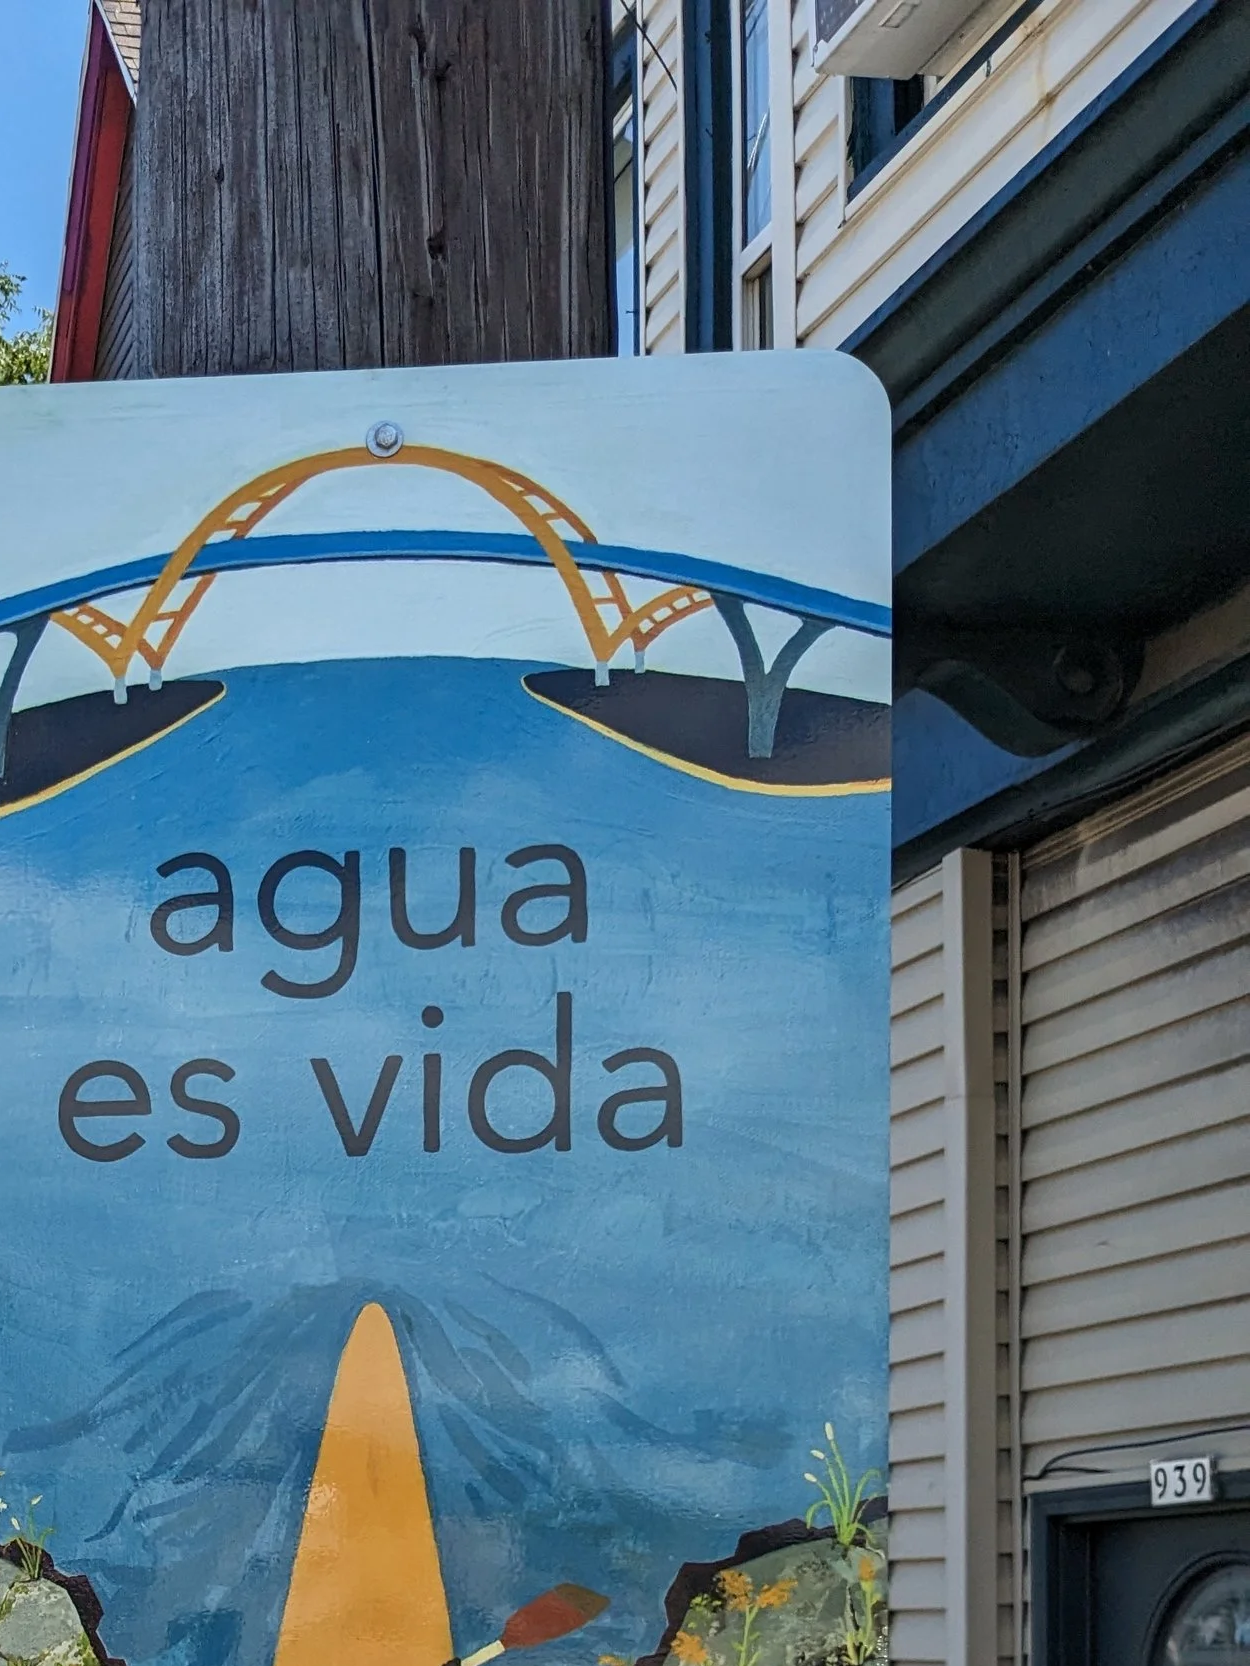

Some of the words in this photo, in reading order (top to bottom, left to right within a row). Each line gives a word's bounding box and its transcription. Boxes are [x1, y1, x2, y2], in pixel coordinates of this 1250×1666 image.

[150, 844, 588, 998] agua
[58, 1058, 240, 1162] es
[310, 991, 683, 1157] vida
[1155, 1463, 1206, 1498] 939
□ □ □ □ □
• _WHAT NEEDS TO BE DONE_:
All records above need to be returned exactly. Omit the pictures.

• _RESPONSE BELOW_:
Some of the words in this photo, in reading order (top to bottom, left to right within a row). Each line gives a word's bounding box and its transcription. Boxes are [x1, y1, x2, y2], in pixel coordinates of this 1250×1666 image.

[150, 844, 588, 998] agua
[58, 1058, 240, 1162] es
[310, 991, 683, 1157] vida
[1155, 1463, 1206, 1498] 939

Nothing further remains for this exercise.